*** EXTRACTED INFORMATION ***

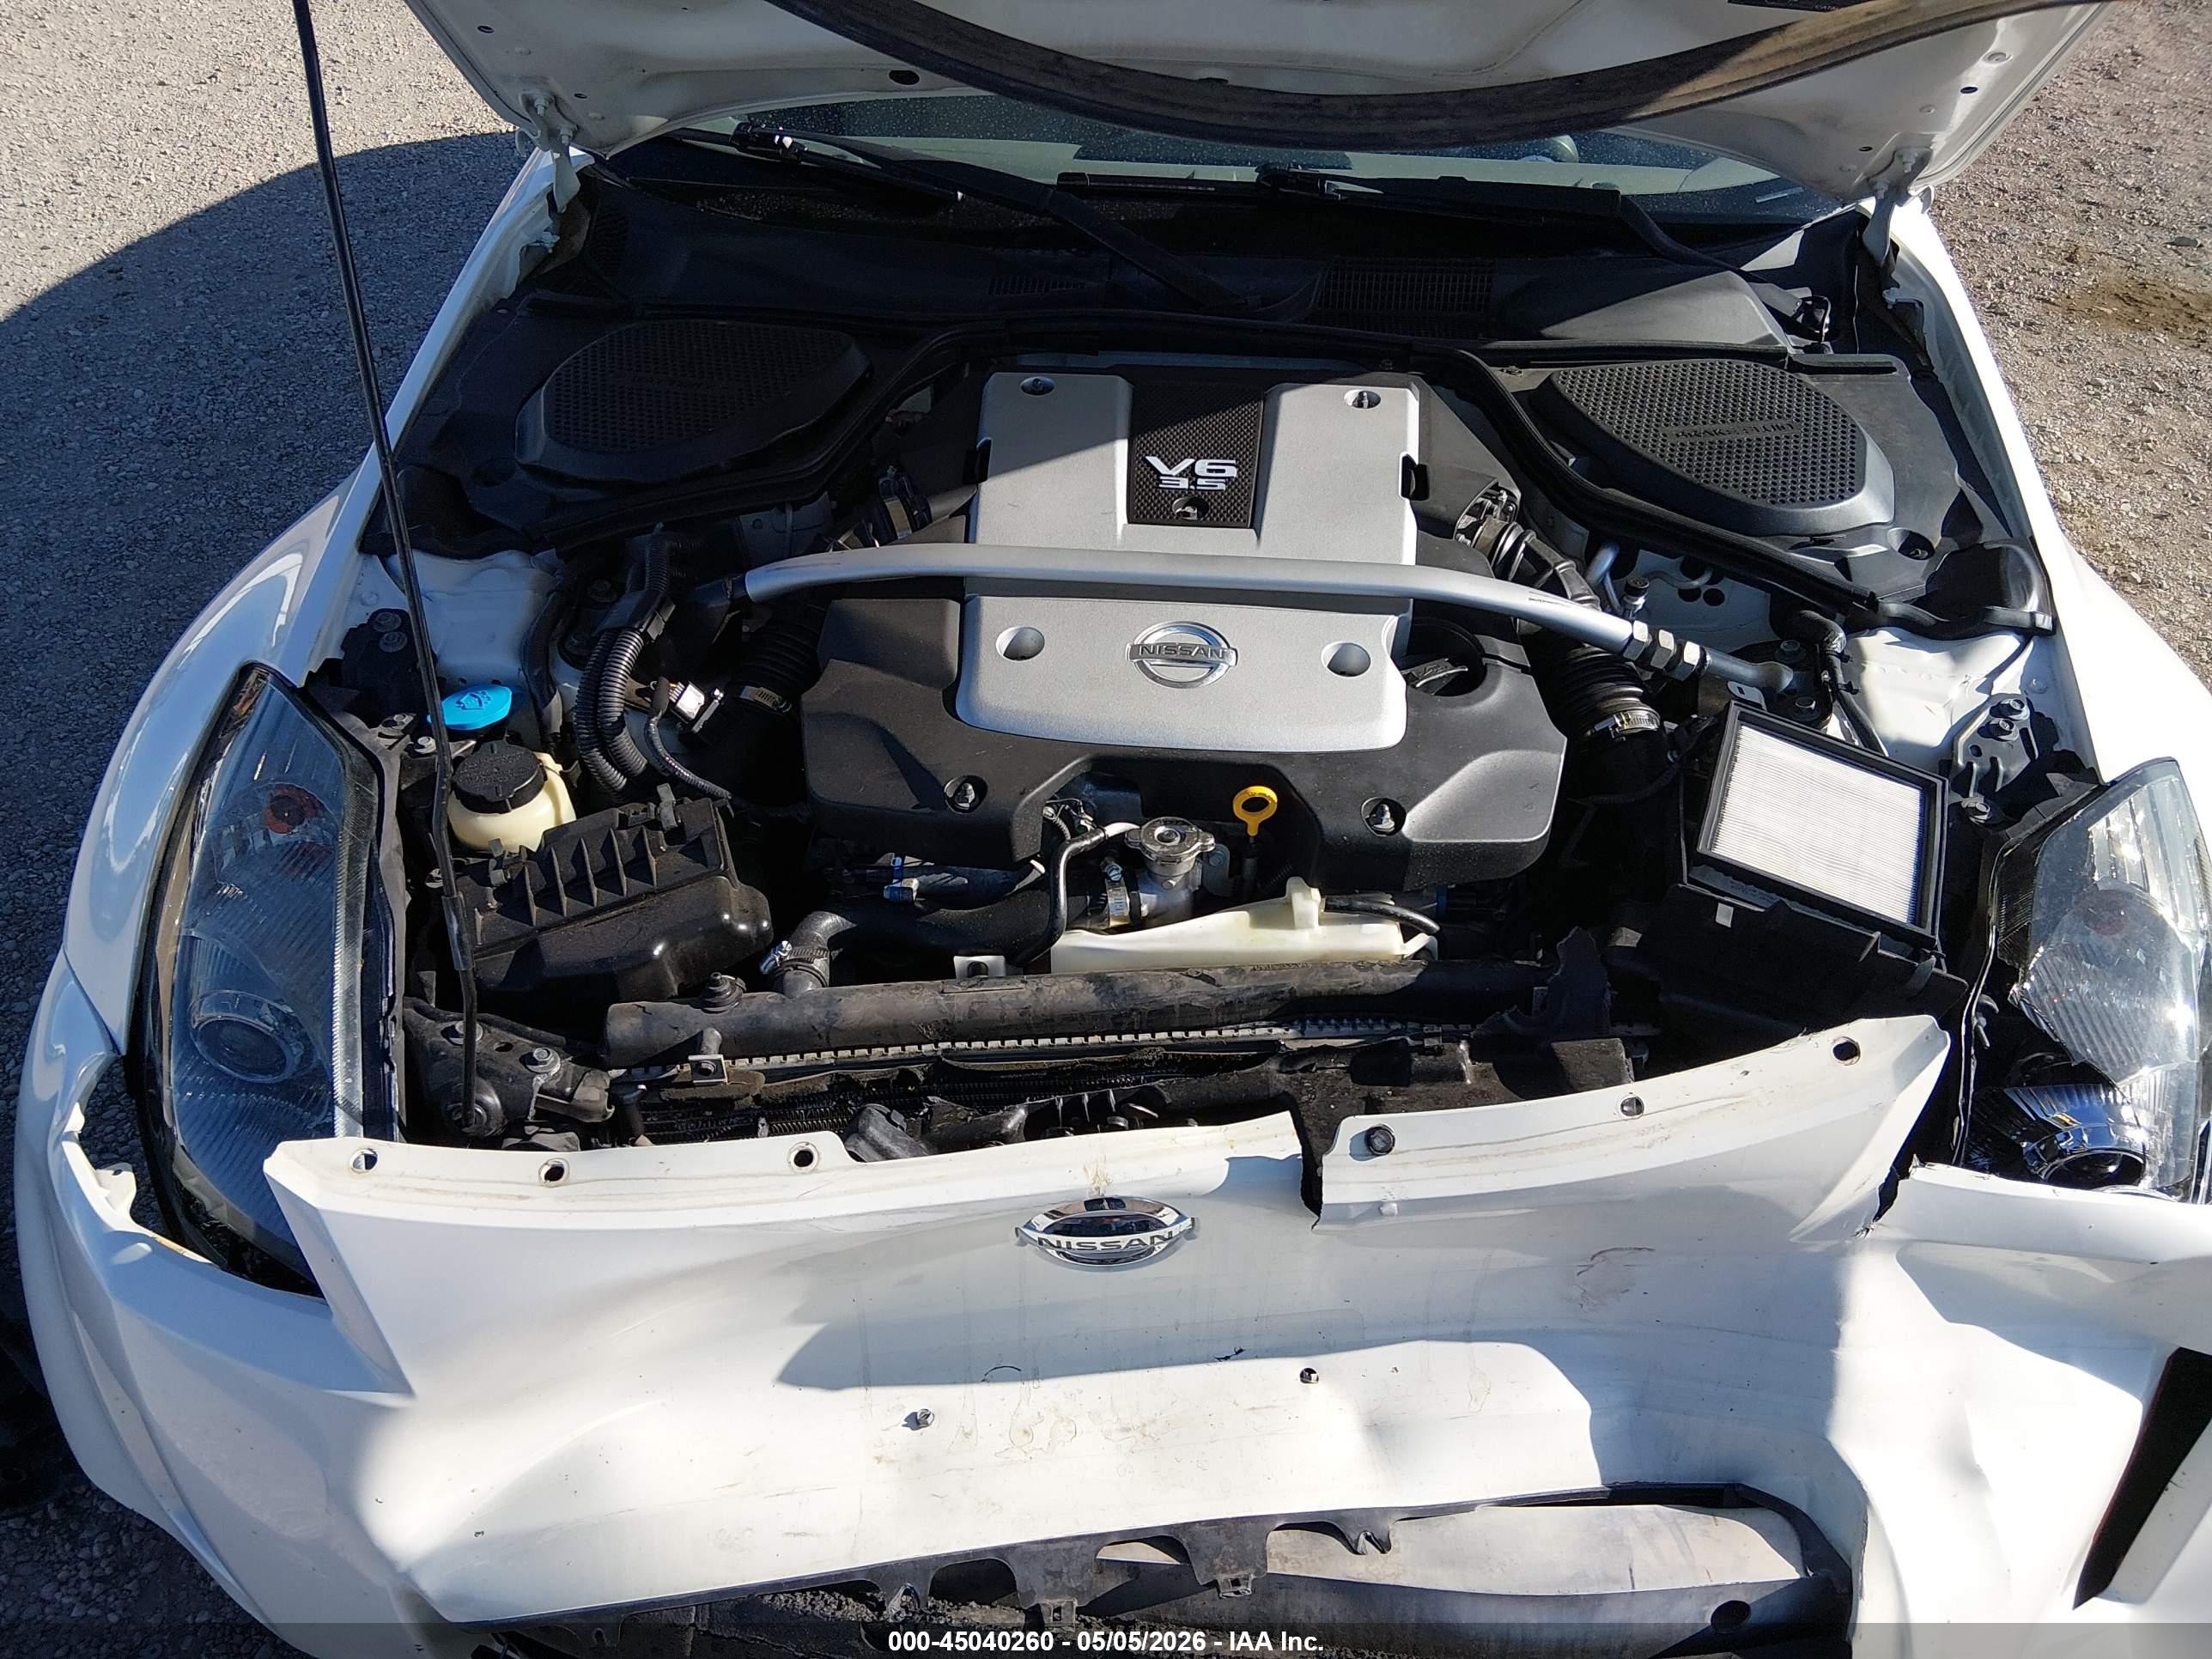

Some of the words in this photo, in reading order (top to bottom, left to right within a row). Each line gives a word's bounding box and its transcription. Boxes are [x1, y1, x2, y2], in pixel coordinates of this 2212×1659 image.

[1145, 455, 1237, 477] V6
[1158, 476, 1227, 491] 3.5
[1139, 644, 1224, 659] NISSAN
[1036, 1230, 1174, 1251] NISSAN

*** End of EXTRACTED INFORMATION ***

▶ YOUR GOAL
Each entry, word for word, belongs in your answer; each picture does not.

▶ RESULT OF THIS EXERCISE
Some of the words in this photo, in reading order (top to bottom, left to right within a row). Each line gives a word's bounding box and its transcription. Boxes are [x1, y1, x2, y2], in pixel coordinates of this 2212×1659 image.

[1145, 455, 1237, 477] V6
[1158, 476, 1227, 491] 3.5
[1139, 644, 1224, 659] NISSAN
[1036, 1230, 1174, 1251] NISSAN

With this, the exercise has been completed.